Transcribe the entries below without changing a word, and omit every picture.
───
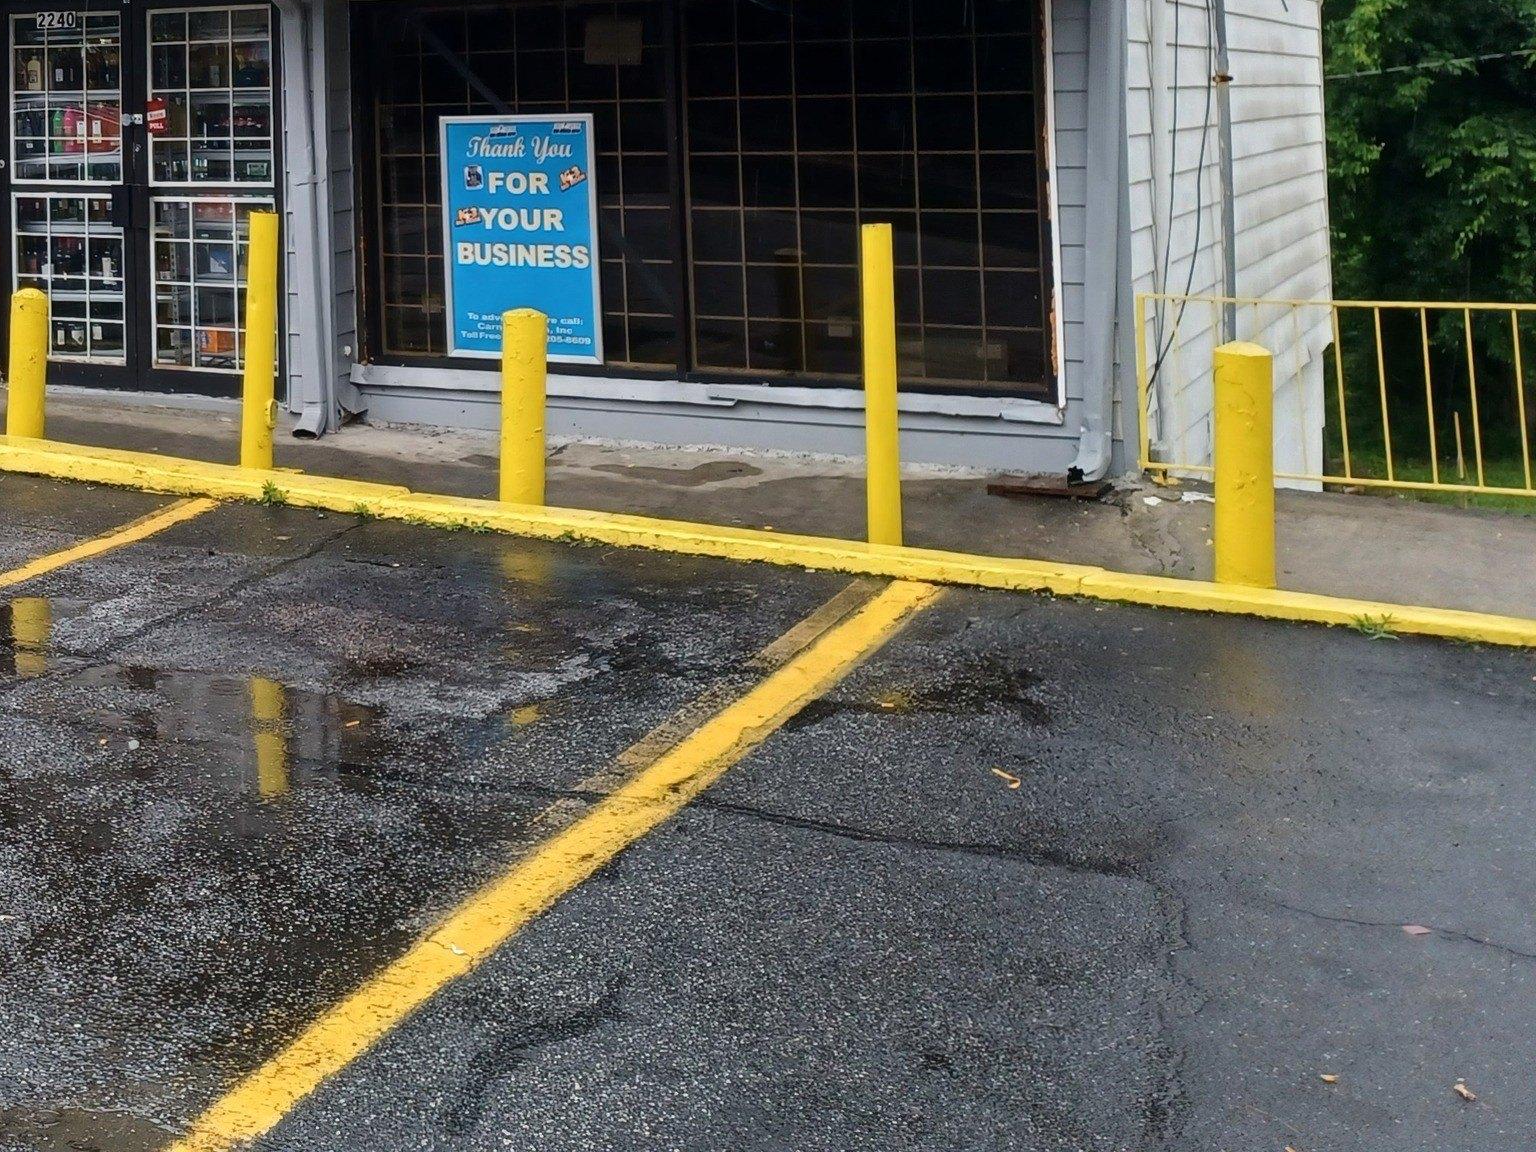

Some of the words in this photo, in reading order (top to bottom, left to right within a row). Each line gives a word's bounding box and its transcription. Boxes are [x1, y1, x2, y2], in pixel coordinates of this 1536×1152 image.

[38, 12, 75, 28] 2240
[466, 136, 526, 158] Thank
[531, 136, 573, 164] You
[488, 171, 551, 195] FOR
[480, 207, 565, 232] YOUR
[457, 241, 590, 269] BUSINESS
[467, 312, 479, 320] To
───
▶ **Answer space**
Some of the words in this photo, in reading order (top to bottom, left to right within a row). Each line gives a word's bounding box and its transcription. Boxes are [x1, y1, x2, y2], in pixel coordinates of this 1536×1152 image.

[38, 12, 75, 28] 2240
[466, 136, 526, 158] Thank
[531, 136, 573, 164] You
[488, 171, 551, 195] FOR
[480, 207, 565, 232] YOUR
[457, 241, 590, 269] BUSINESS
[467, 312, 479, 320] To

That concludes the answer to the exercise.